Should Splatoon 2 follow the same aggressive post-launch plans as the original then its entirely possible that we’ll be looking a game that plays quite differently by Christmas. The mode I’m most closely watching in this regard is the aforementioned Salmon Run, the horde mode in which four players grab local controllers and fend off wave after wave of baddies, hoovering up golden eggs to survive. Team mates that get knocked out must be revived by their team mates, and not by hand but with ink. This horde mode took me completely by surprise in that it is an unexpected move for Nintendo to make and that it provides a far stiffer challenge than almost any other mode in the game. Getting through this mode was almost entirely reliant on good communication — calling out weak spots, incoming foes and even our own positioning. For now, Salmon Run is only available in local co-op, presumably because of the lack of reliable online communications. Nintendo plans to have an online version but really only for special events that they plan to run themselves. Once again, you gotta get on that comms issue, Nintendo. It’s a gigantic buzzkill.

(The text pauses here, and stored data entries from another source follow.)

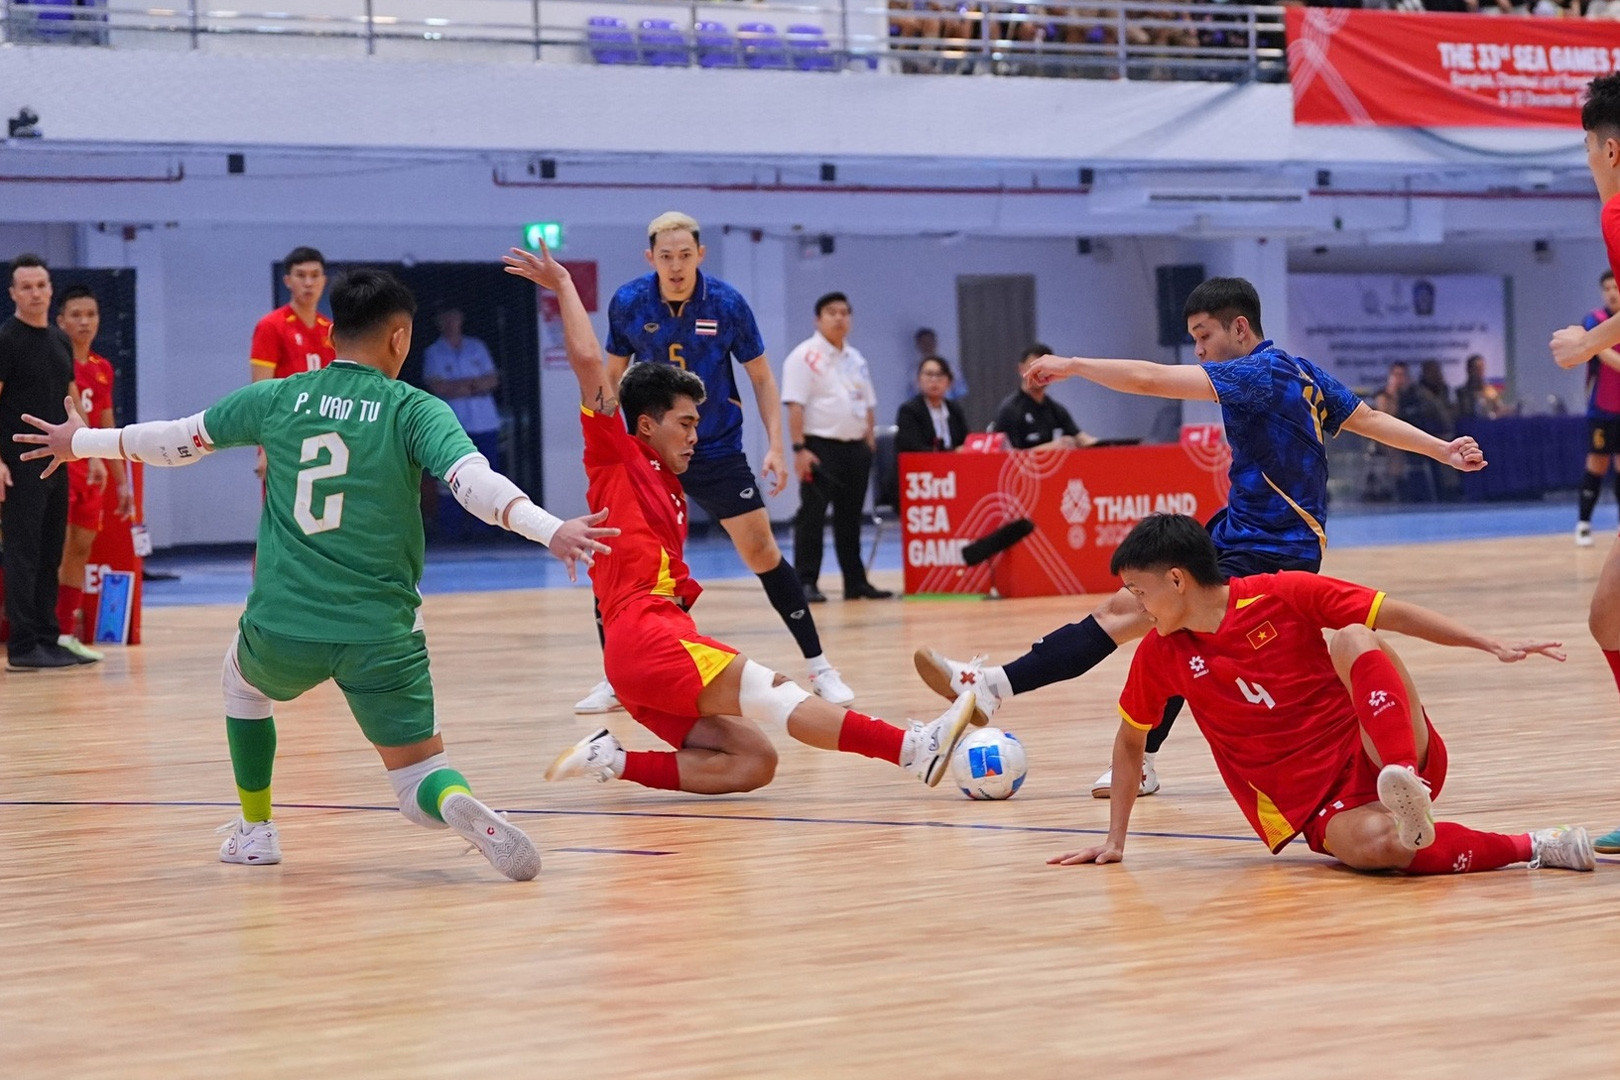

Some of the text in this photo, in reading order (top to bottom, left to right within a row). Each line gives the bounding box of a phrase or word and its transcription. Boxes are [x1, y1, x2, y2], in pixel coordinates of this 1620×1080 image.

[1437, 42, 1476, 70] THE
[1512, 44, 1549, 72] SEA
[668, 342, 687, 370] 5
[81, 387, 94, 413] 6
[294, 391, 381, 423] P. VAN TU
[293, 431, 350, 536] 2
[905, 471, 956, 500] 33rd
[906, 505, 950, 534] SEA
[1093, 492, 1198, 522] THAILAND
[908, 538, 970, 567] GAME
[1234, 676, 1276, 710] 4
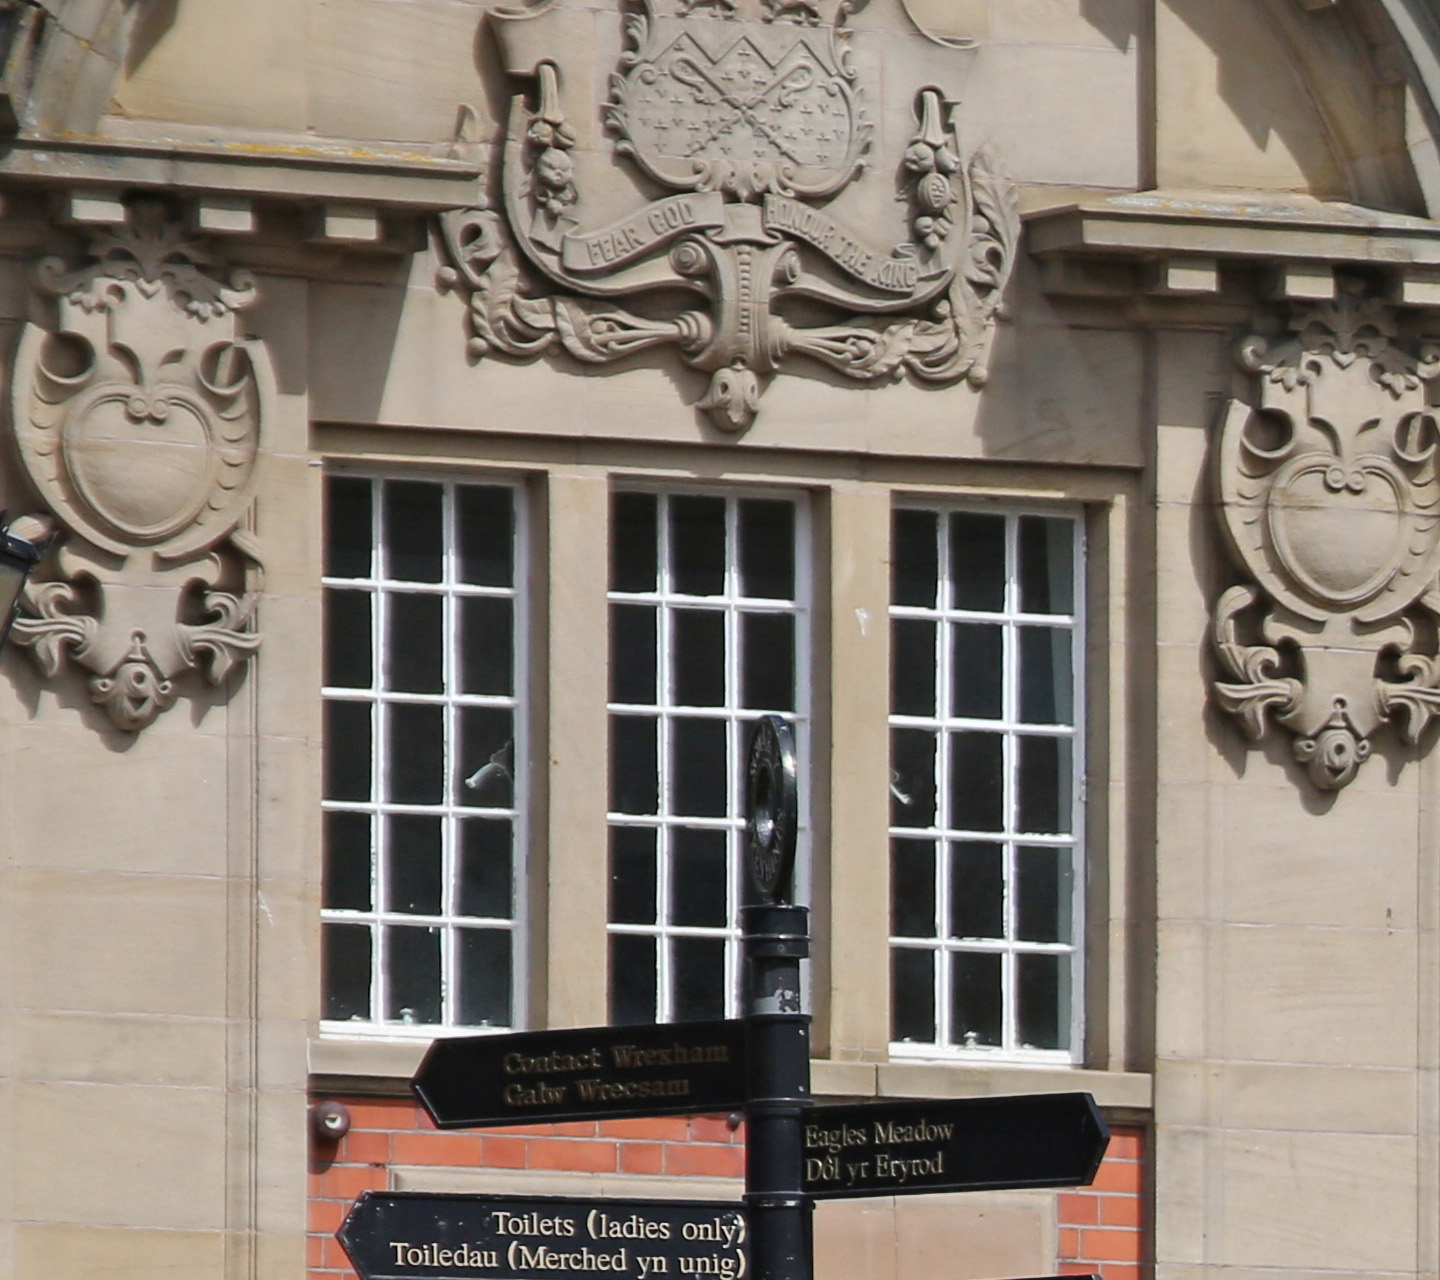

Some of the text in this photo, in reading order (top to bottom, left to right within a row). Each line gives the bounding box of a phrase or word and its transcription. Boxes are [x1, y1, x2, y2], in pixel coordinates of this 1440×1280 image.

[586, 200, 696, 267] FEAR GOD
[765, 196, 919, 289] HONOUR THE KING
[503, 1042, 730, 1076] Contact Wrexham
[503, 1077, 690, 1107] Galw Wrecsam
[805, 1119, 955, 1155] Eagles Meadow
[806, 1151, 944, 1187] Dôl yr Eryrod
[492, 1209, 746, 1249] Toilets (ladies only)
[390, 1241, 746, 1280] Toiledau (Merched yn unig)
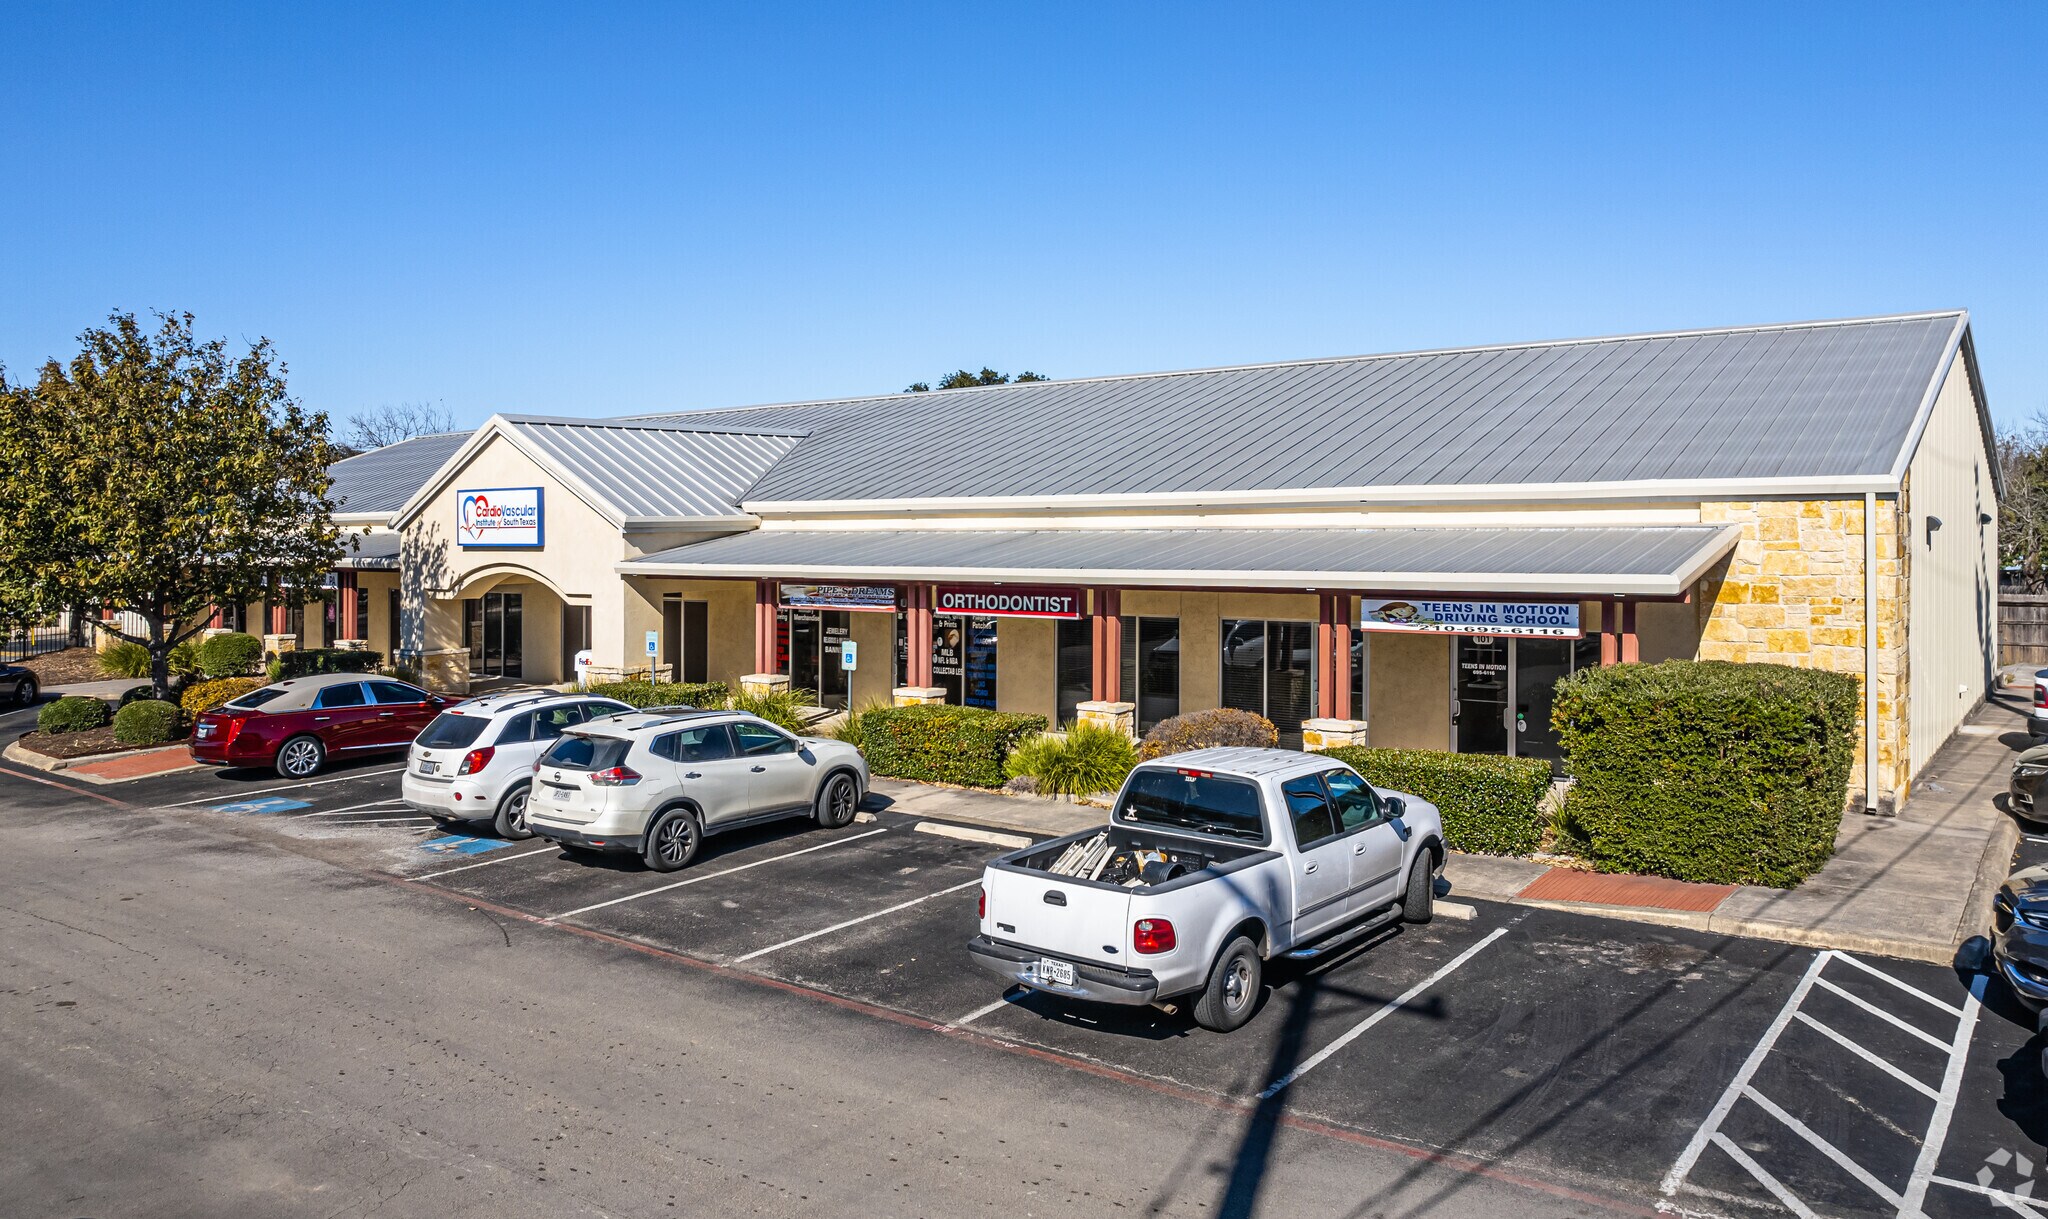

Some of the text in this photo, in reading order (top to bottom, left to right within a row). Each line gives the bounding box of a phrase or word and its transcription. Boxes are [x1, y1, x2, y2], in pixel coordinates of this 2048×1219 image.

[476, 504, 536, 517] CardioVascular
[503, 518, 519, 526] South
[520, 518, 536, 526] Texas
[851, 587, 895, 596] DREAMS
[942, 593, 1072, 612] ORTHODONTIST
[1422, 602, 1570, 615] TEENS IN MOTION
[944, 620, 957, 628] Prints
[1434, 613, 1570, 625] DRIVING SCHOOL
[1418, 625, 1564, 635] 210-695-6116
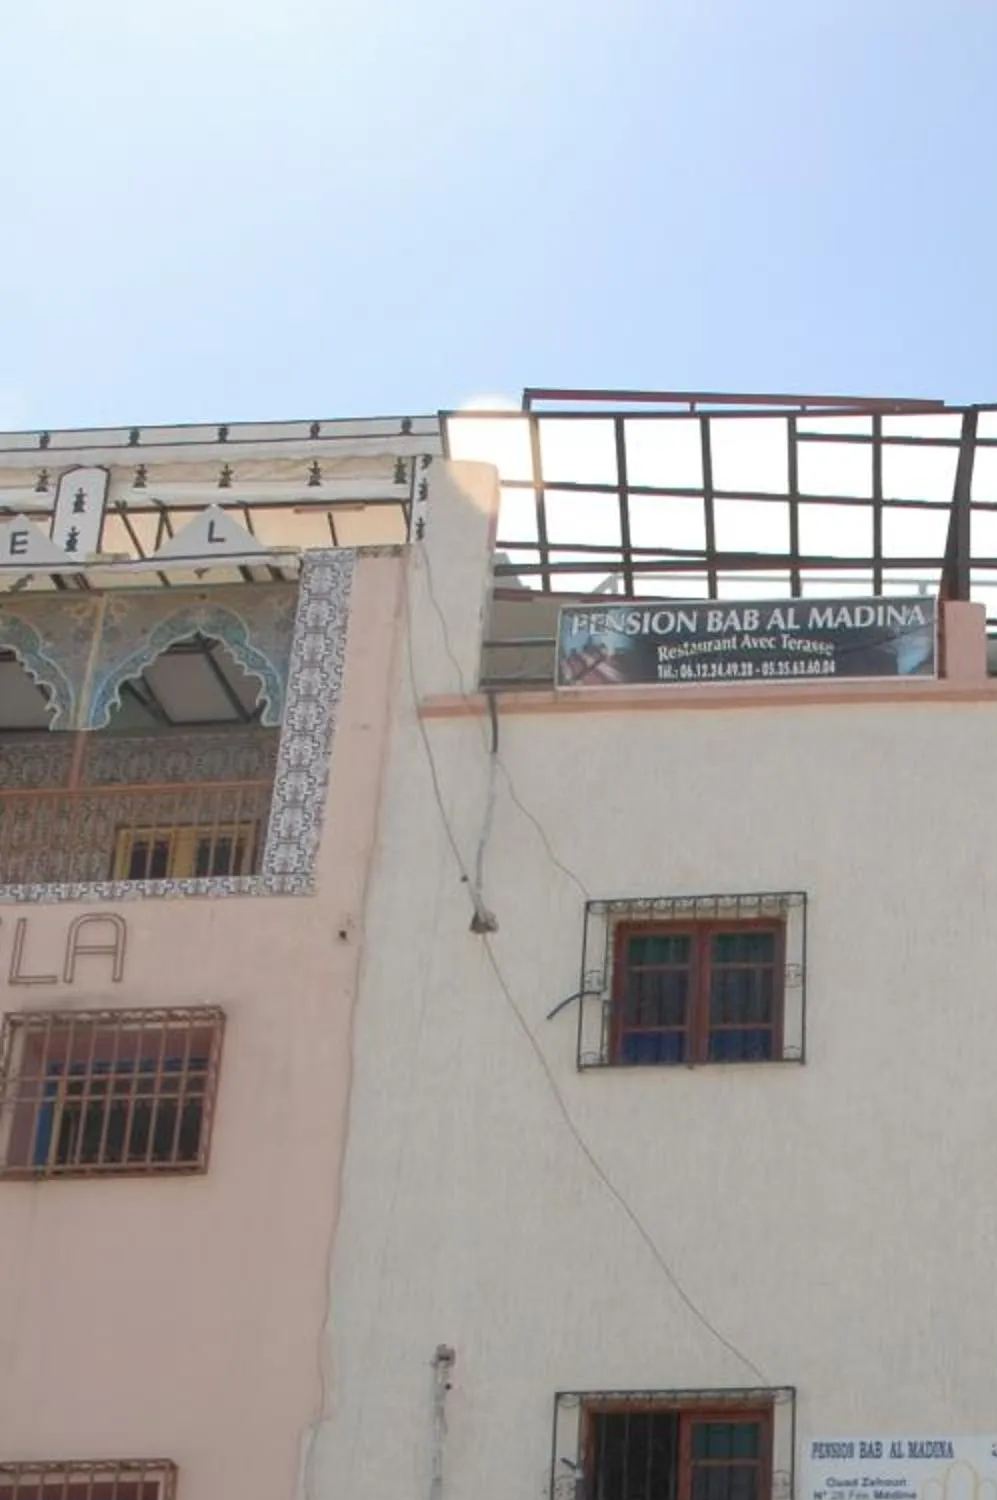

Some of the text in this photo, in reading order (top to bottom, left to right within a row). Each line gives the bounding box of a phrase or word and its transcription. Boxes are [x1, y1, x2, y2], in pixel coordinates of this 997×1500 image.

[571, 603, 926, 637] PENSION BAB AL MADINA
[657, 633, 836, 662] Restaurant Avec Terasse
[0, 912, 127, 985] LA
[859, 1441, 883, 1459] BAB
[890, 1440, 905, 1458] AL
[908, 1440, 954, 1458] MADINA

Splatoon 2 takes everything that worked about the original game and hones it. Further, it’s now in a format that can be thrown in your bag and taken with you wherever you go. It’s maddening that the game’s best modes are held back by Nintendo’s lacklustre approach to online play, and it could easily be argued that Ninty have rereleased the same game with a handful of shiny new toys. Nevertheless, Splatoon 2 remains a damned good time, and we’re happy to be able to take it with us on the road.
Score: 7.0 out of 10
Highlights: Salmon Run; Guns and Fashion; More Splatoon!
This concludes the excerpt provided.